Obama highlighted some of the less well-known measures that he said "in a normal legislative year would be considered really big achievements." Those include bills to ensure equal pay, expand hate-crimes categories, extend health insurance to an additional 4 million children, place stronger regulations on tobacco products, reform the military procurement process and implement consumer credit-card protections. He also noted the confirmation of Sonia Sotomayor as the first Hispanic justice on the Supreme Court.
But David M. Kennedy, a presidential historian at Stanford University who has written about Roosevelt, characterized some of those measures as "Clintonesque -- trying to make a big deal about small things." He said Obama's stimulus plan showed that "the president and Congress learned some lessons from the Great Depression, that you had to counterpunch really hard."
"But it remains to be seen, in my view, what the health care will look like," Kennedy said.
A full plate from the start
On taking office, Obama, a former senator whose senior staff members include many Hill veterans, settled on a legislative strategy that departed from those of his predecessors. He decided that rather than pursue big pieces of legislation one at a time, his administration would seek health-care reform, a cap-and-trade bill, financial reform legislation and other measures simultaneously.
"In some ways, we just didn't have an option," Obama said. "Because of the financial crisis, we had to make a series of decisions that, back in 2007 when my presidential campaign began, were not at the top of our list."
Robert Dallek, a presidential historian specializing in Johnson's tenure, said that despite Democratic majorities, "the fact he's [Obama's] put forward such a bold agenda has made it exceptionally difficult to get bills passed."
Dallek said Roosevelt had the "advantage" of a huge crisis to bridge partisan division over the New Deal. Johnson, he said, was "able to invoke [John F.] Kennedy's legacy" to push through civil rights and Medicare legislation.
"While Obama has had a crisis, it's not the sort that the opposition would give in to his demands," he said. "Obama, in a sense, has had a tougher assignment than either Roosevelt or Johnson had. The fact that he's getting so close on this health-care bill speaks to his talent of leadership, doggedness and determination to put across the biggest piece of social legislation since Social Security."
In the interview, Obama said he "could have put off" health-care reform, adding: "There are some people who would say that wouldn't be such a bad thing."

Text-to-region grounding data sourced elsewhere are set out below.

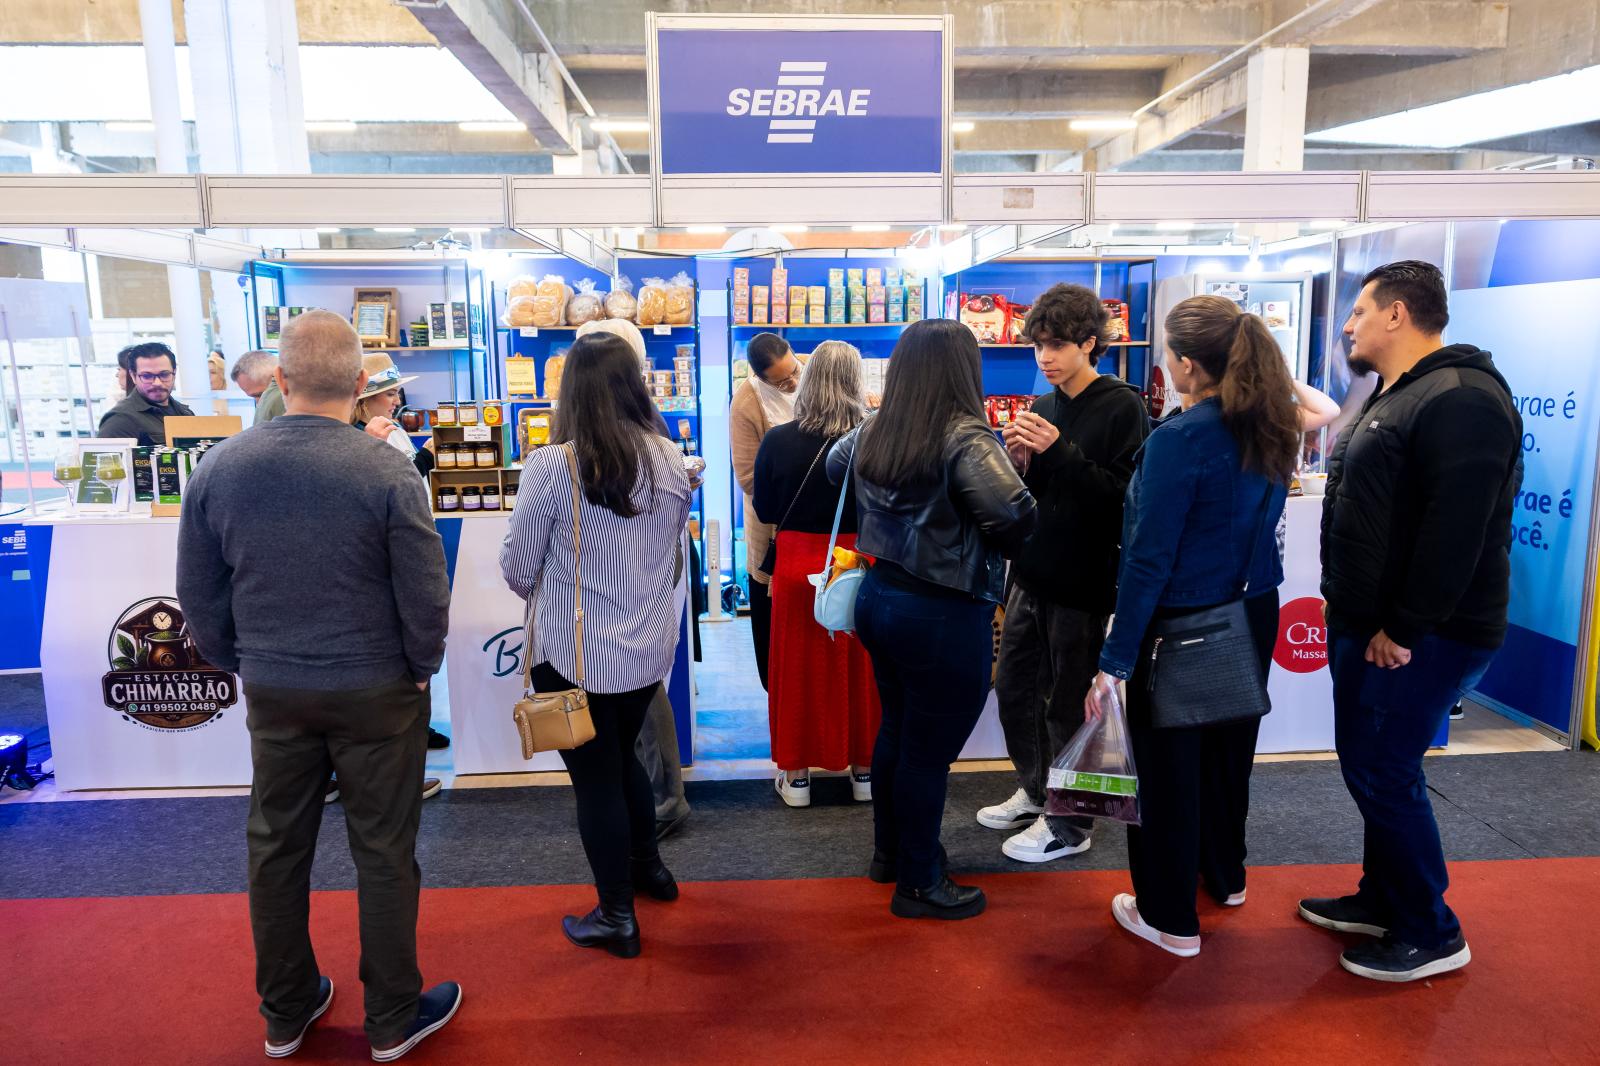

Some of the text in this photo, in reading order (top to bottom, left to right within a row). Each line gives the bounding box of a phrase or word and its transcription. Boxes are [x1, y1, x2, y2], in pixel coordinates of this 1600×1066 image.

[726, 88, 871, 116] SEBRAE
[1562, 390, 1576, 419] é
[1558, 488, 1573, 518] é
[1292, 648, 1328, 659] Massa
[134, 672, 200, 683] ESTAÇÃO
[110, 680, 230, 703] CHIMARRÃO
[139, 702, 217, 712] 41 99502 0489
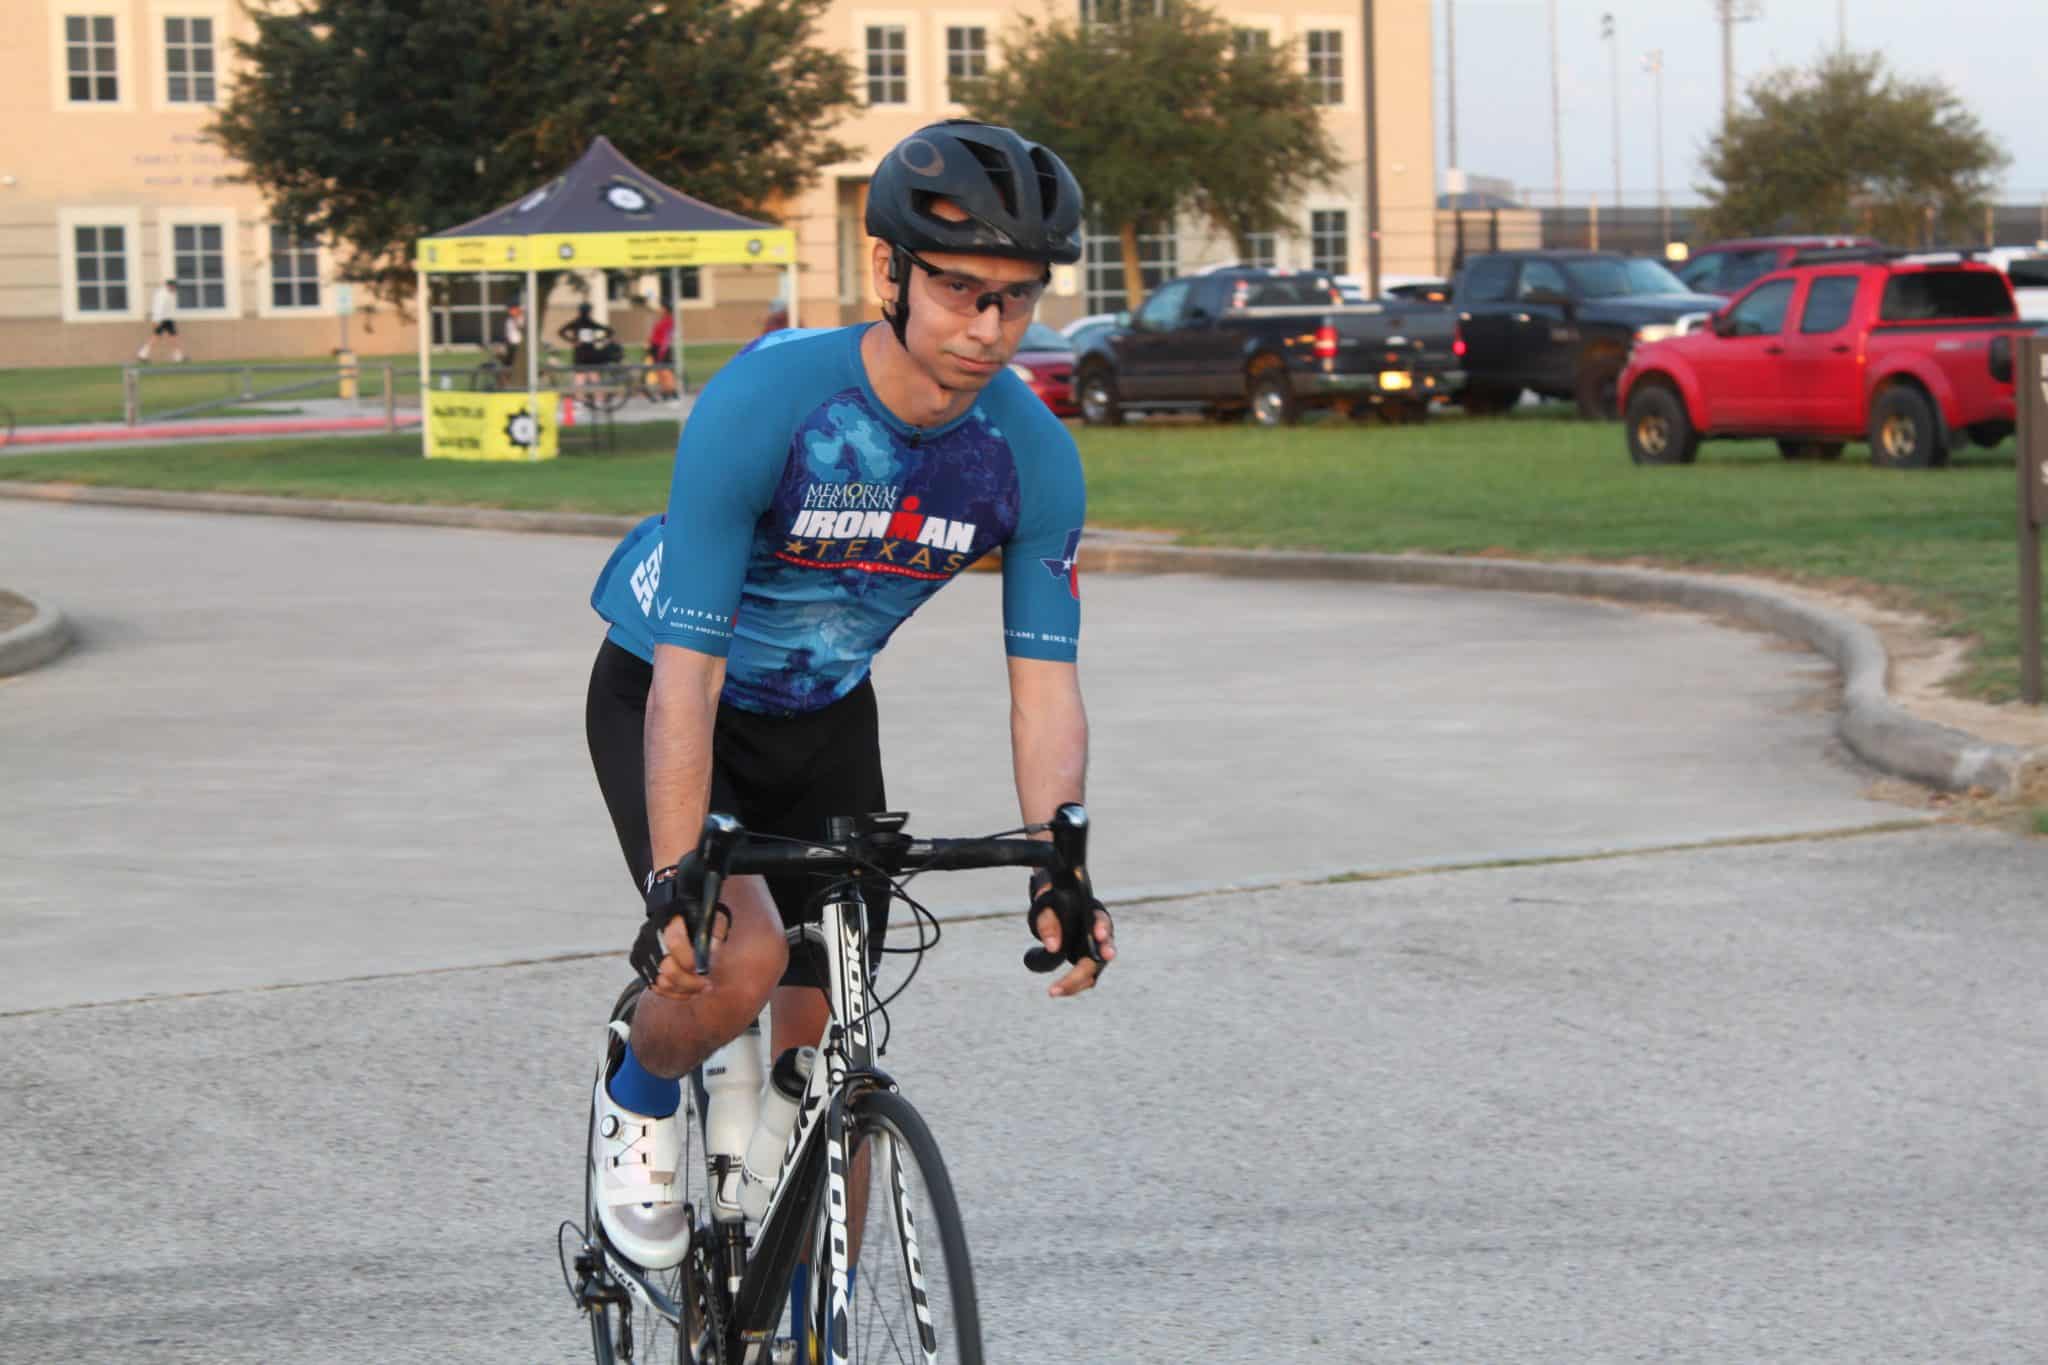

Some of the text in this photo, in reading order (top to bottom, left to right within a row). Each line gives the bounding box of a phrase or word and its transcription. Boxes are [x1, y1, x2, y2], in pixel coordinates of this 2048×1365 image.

[803, 494, 896, 510] HERMANN
[808, 482, 898, 499] MEMORIAL
[790, 497, 976, 553] IRONMAN
[815, 539, 965, 572] TEXAS
[672, 607, 729, 622] VINFAST
[846, 924, 867, 1048] LOOK
[827, 1139, 848, 1320] LOOK

"Given how difficult fighting the special interests has been on Capitol Hill, it's clear that if we hadn't decided to make a bold step forward this year, we probably wouldn't have had the political capital to get it done in the future," said Obama, who has argued that health-care reform is essential to the country's future fiscal and financial health.
Stephen Hess, a presidential scholar at the Brookings Institution, said that "the word that comes to mind" in assessing Obama's first-year legislative record is "incompleteness."
He added: "That reflects a huge agenda and perhaps an arrogance about how much he thought he could do. But he really thought there was that much of a wind behind him, and he certainly had a lot of people who knew an awful lot about Congress who helped him make that decision."
Obama acknowledged that cap-and-trade and financial reform legislation -- both of which the House has passed -- would carry over into the midterm election year, when political calculations slow down Congress. "I think there's no doubt that energy legislation is going to be tough," he said. "But I feel very confident in making an argument to the American people that we should be a leader in clean-energy technology, that that will be one of the key elements that will drive growth for years to come."